Though her acting career was short-lived compared to her role as the Princess of Monaco, Grace Kelly was certainly one of the top stars in Hollywood in the mid-1950s. Starting in live television and transitioning to Hollywood roles—and ultimately winding up as an Oscar-winning, Hitchcockian ice-blonde cool girl—the myth of Grace Kelly loomed large over Hollywood lore long after she’d traded her scripts for tiaras.

Today, we’re going to look at Princess Grace’s time as the Hollywood Princess.

Her first role, a small part in the thriller Fourteen Hours, led to her being cast as Gary Cooper’s Quaker wife in the Western High Noon. Though she was the first to admit that she wasn’t overly impressed with her performance in the film, it became a classic—earning Gary Cooper his second Oscar—and led to wider recognition for the actress.

She took acting classes to refine her craft and signed a contract with MGM Studios for seven years that would provide $850 per week. Grace was a good negotiator though, and had it written into her contract that she could take time off “one out of every two years” to work in the theatre and that her main and permanent residence would still be Manhattan—she wouldn’t make a permanent home in Hollywood.

After High Noon, Grace was cast in a remake called Mogambo starring Clark Gable (who’d starred in the film on which this was based, 1932’s Red Dust). Grace would be playing the character originally played by Mary Astor opposite romantic rival Ava Gardner (playing the role originated by Jean Harlow). Both were vying for Gable’s character’s affections, though Grace’s character was married.

Mogambo filmed in Nairobi in 1952. Grace told Hollywood gossip columnist Hedda Hopper that “Mogambo had three things that interested me: John Ford, Clark Gable, and a trip to Africa, with expenses paid. If Mogambo had been made in Arizona, I wouldn’t have done it.”
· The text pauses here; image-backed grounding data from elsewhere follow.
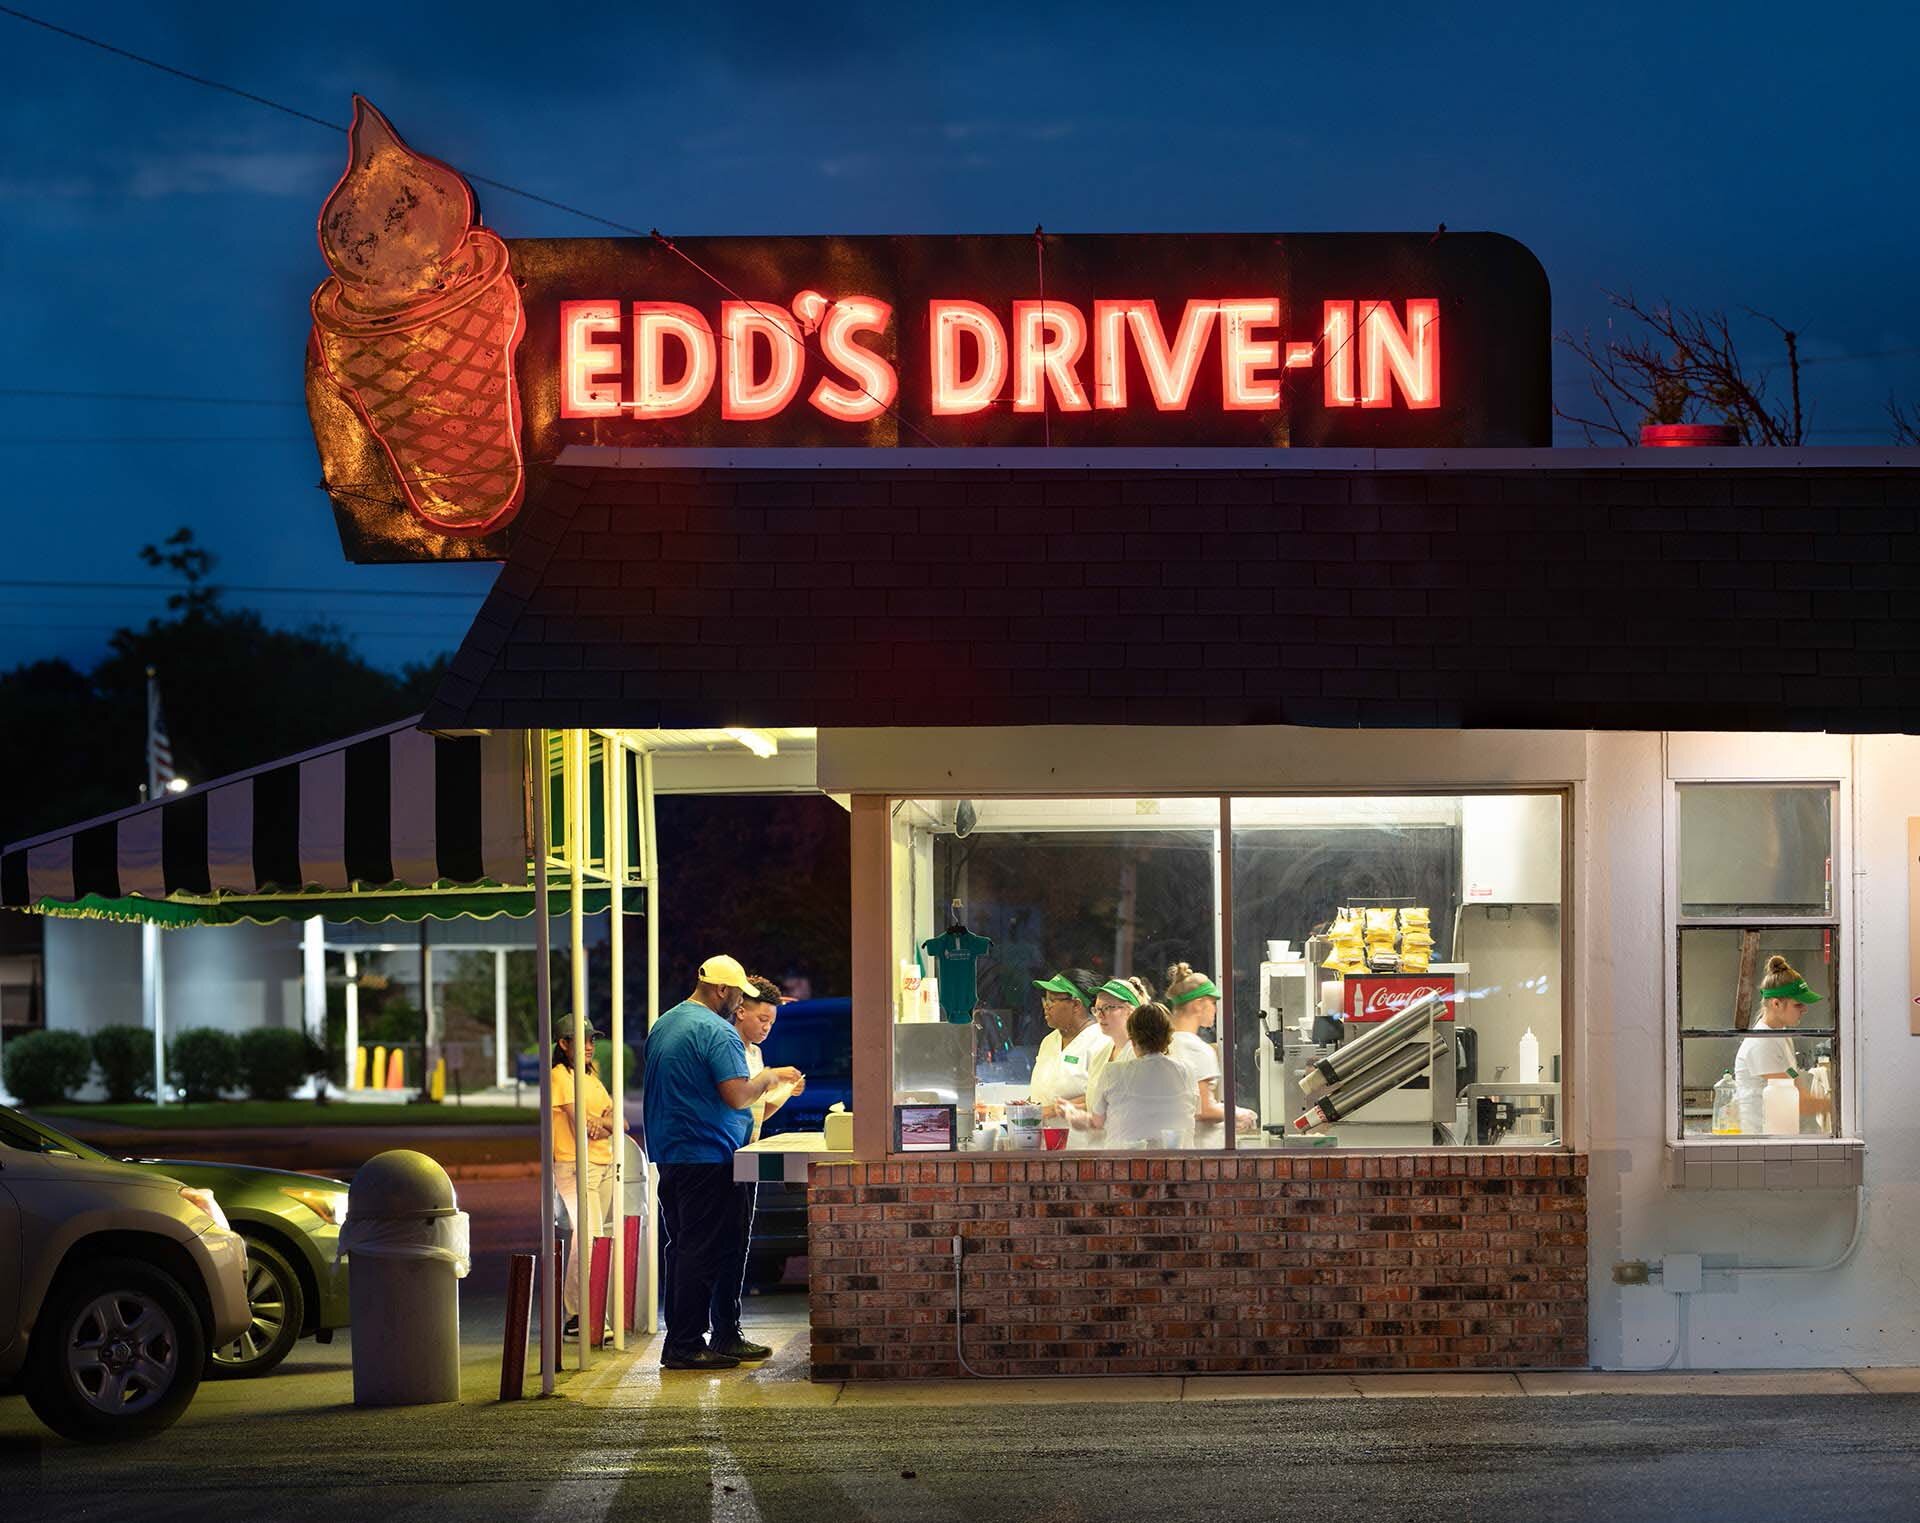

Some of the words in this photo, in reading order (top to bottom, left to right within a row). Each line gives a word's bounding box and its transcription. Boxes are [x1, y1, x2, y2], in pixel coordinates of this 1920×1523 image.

[561, 291, 897, 422] EDD'S
[930, 298, 1441, 415] DRIVE-IN
[1366, 986, 1448, 1012] Coca-C
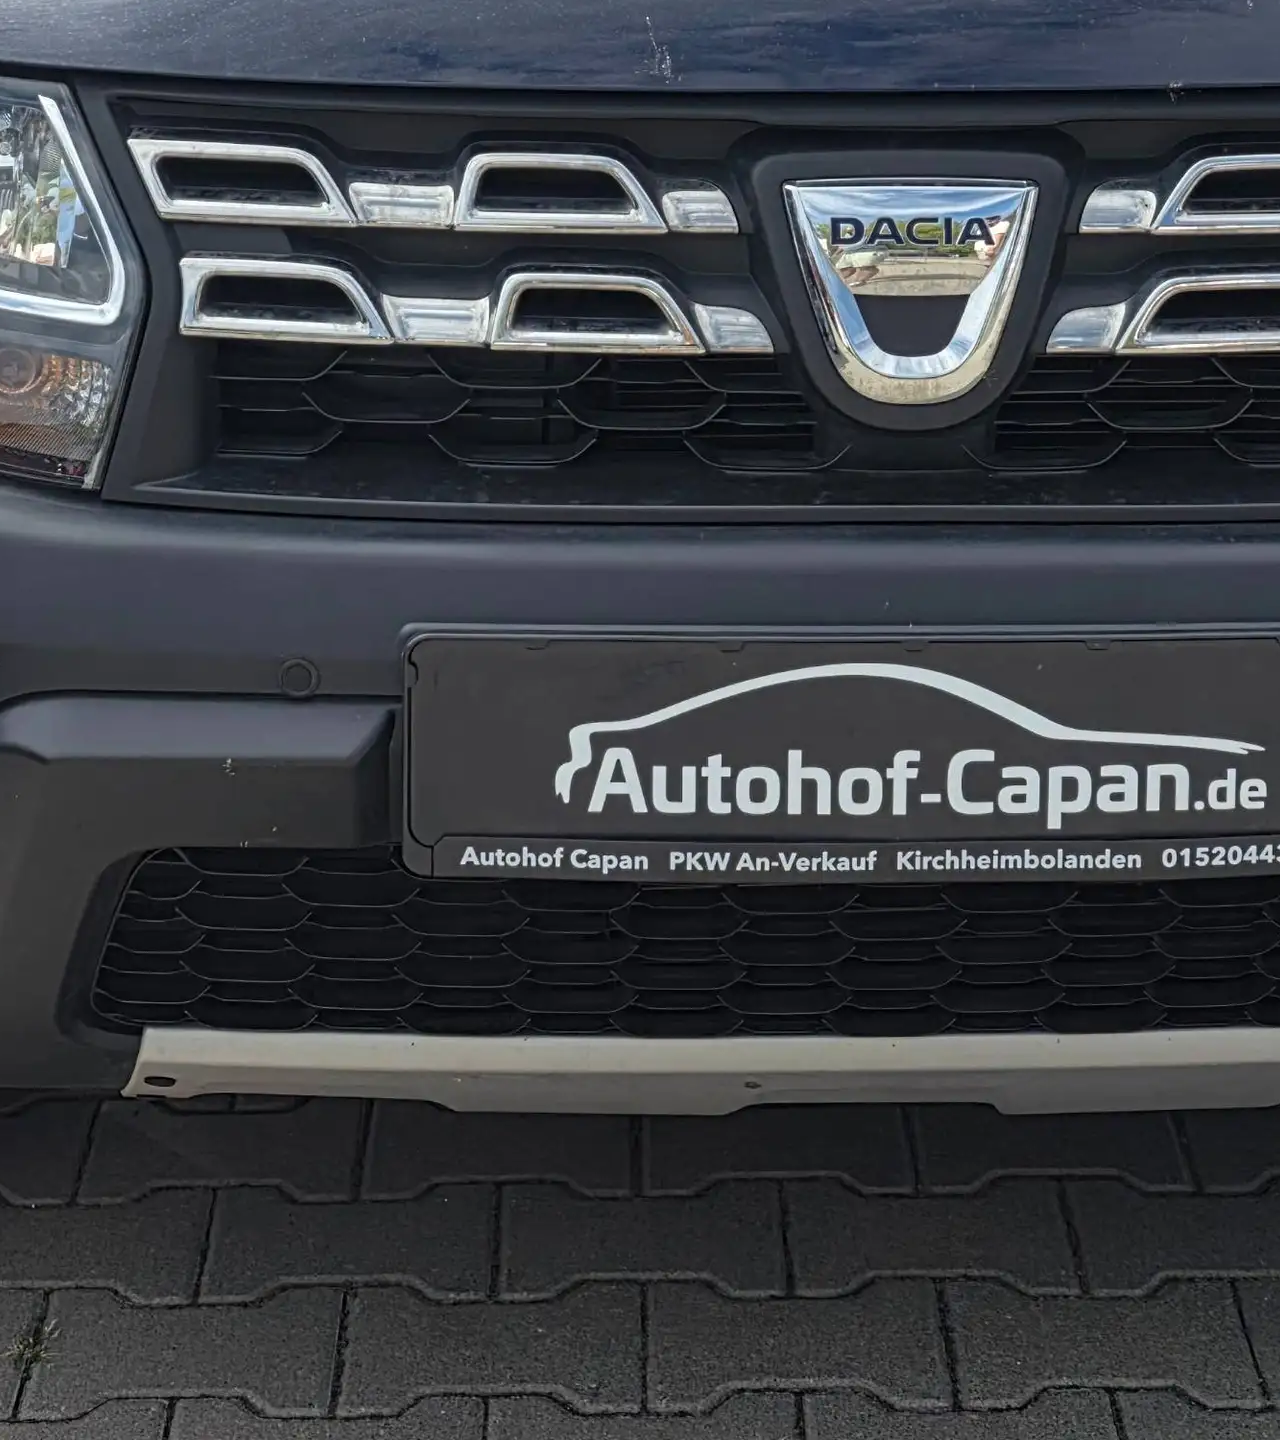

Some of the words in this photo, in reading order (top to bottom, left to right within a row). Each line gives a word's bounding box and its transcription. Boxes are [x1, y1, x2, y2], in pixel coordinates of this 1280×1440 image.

[829, 216, 996, 246] DACIA
[588, 747, 1268, 830] Autohof-Capan.de
[459, 846, 564, 869] Autohof
[570, 848, 649, 875] Capan
[669, 851, 731, 871] PKW
[736, 849, 878, 872] An-Verkauf
[896, 848, 1142, 870] Kirchheimbolanden
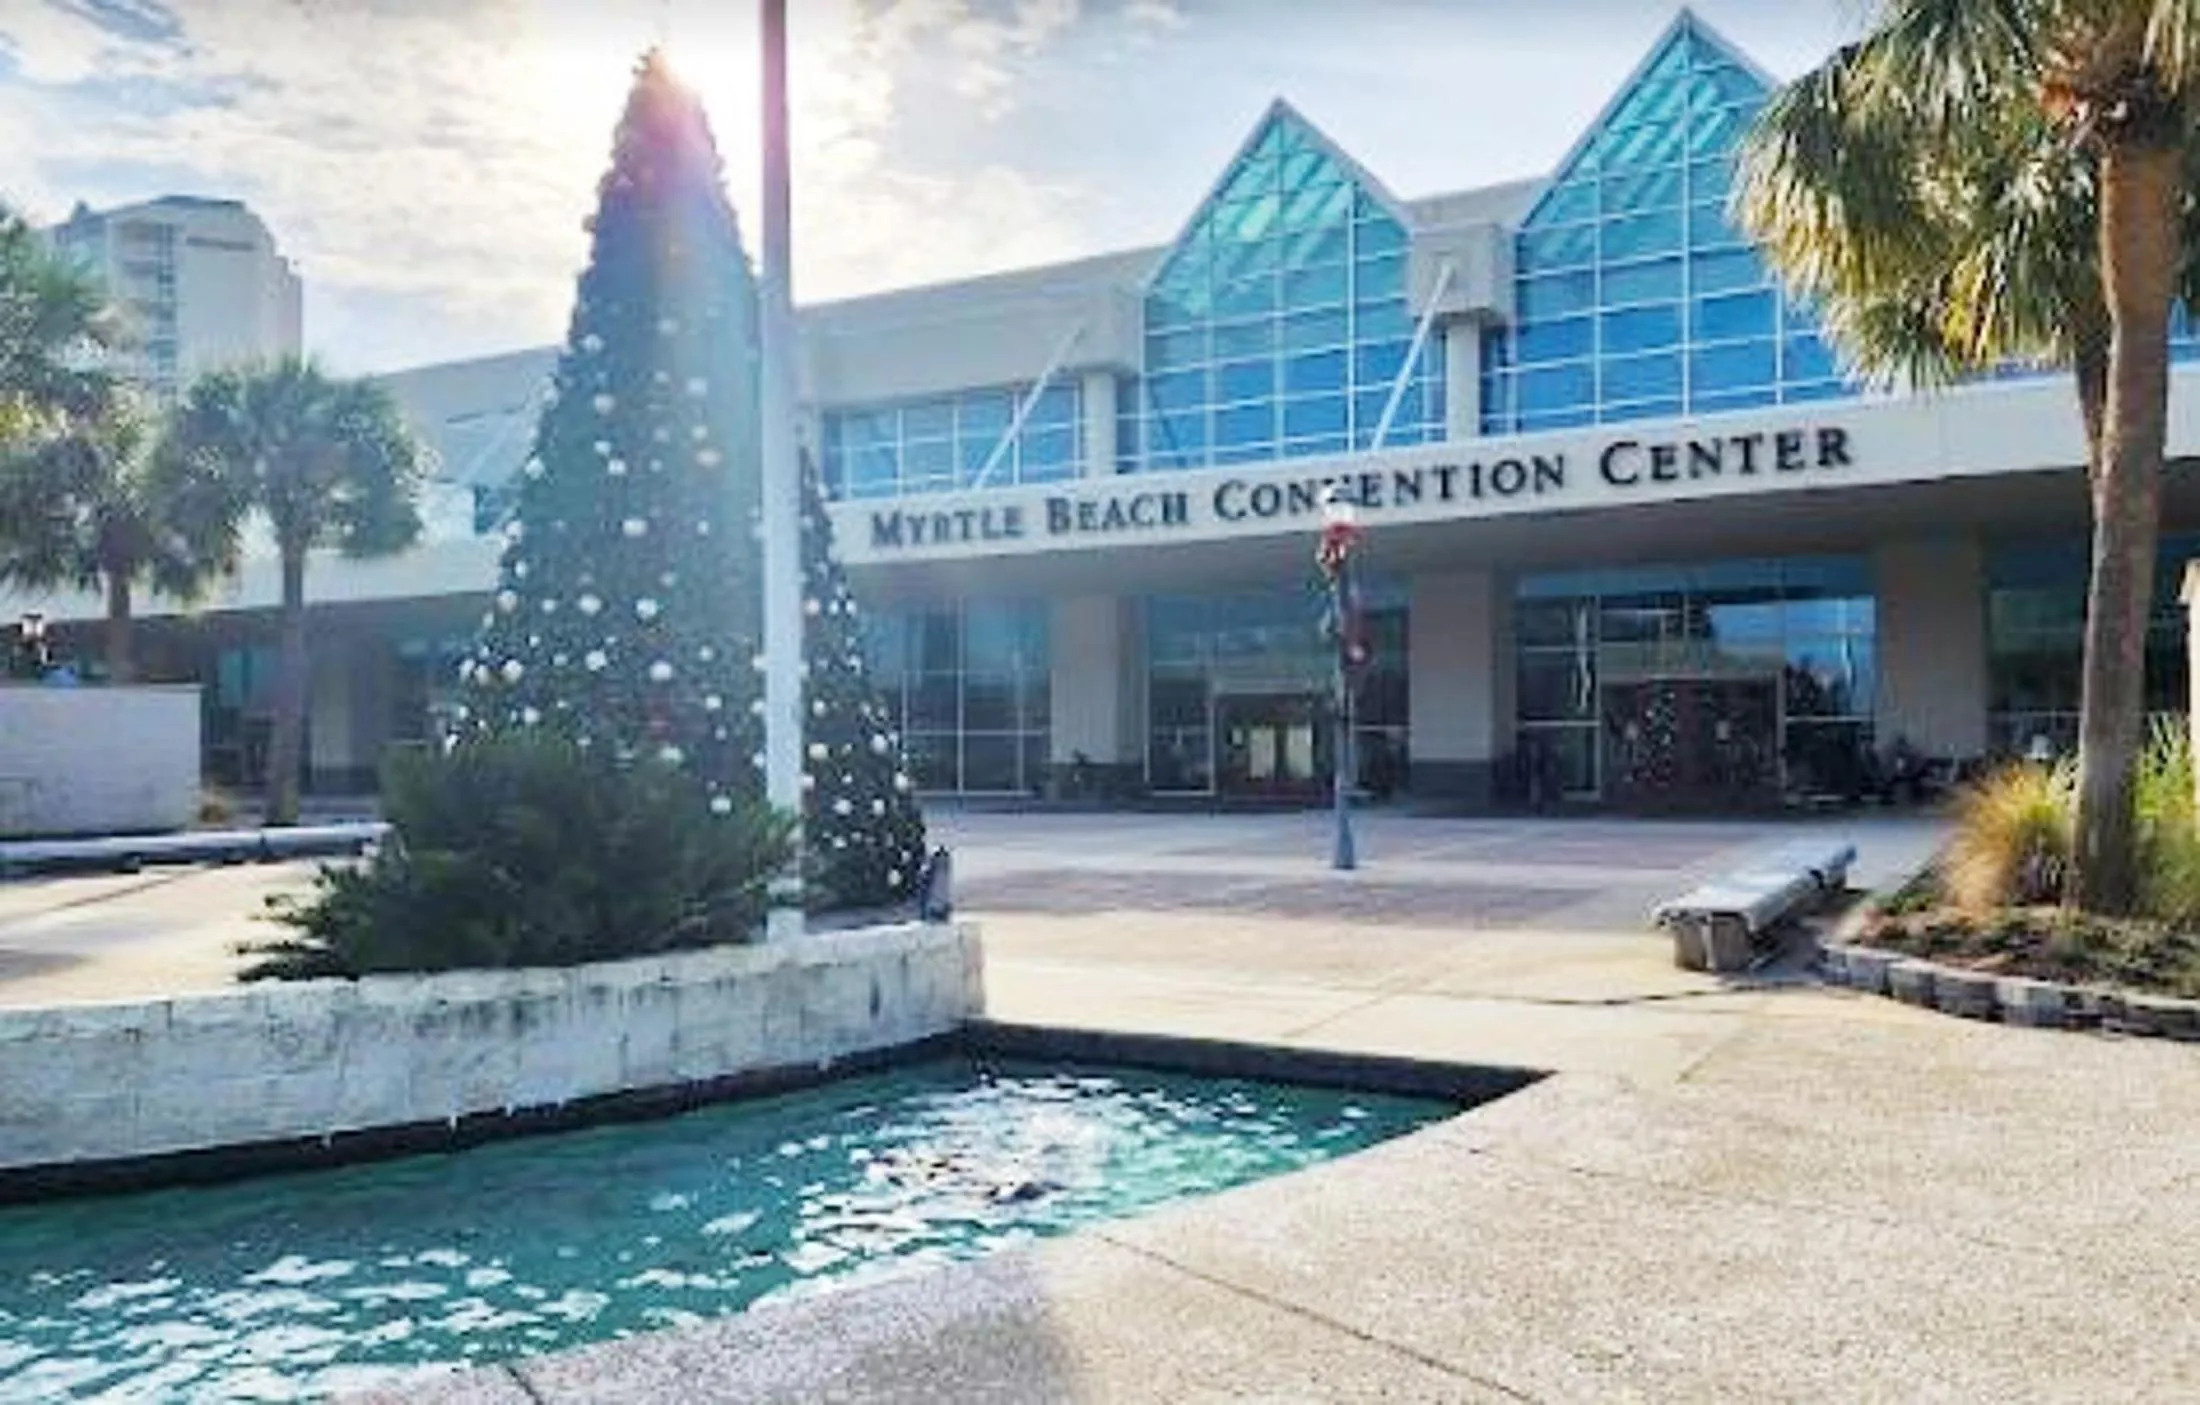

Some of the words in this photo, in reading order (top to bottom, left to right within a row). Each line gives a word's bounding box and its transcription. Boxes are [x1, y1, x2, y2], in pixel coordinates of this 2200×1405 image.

Grace was nominated for an Oscar for her performance, in the Best Supporting Actress category, though she lost out to Donna Reed for From Here to Eternity. She was also nominated for a Golden Globe in the supporting category and won.

Perhaps most famously, Grace appeared in a trio of now-classic Hitchcockian thrillers: Dial M for Murder in 1954, Rear Window, also in 1954, and To Catch a Thief in 1955.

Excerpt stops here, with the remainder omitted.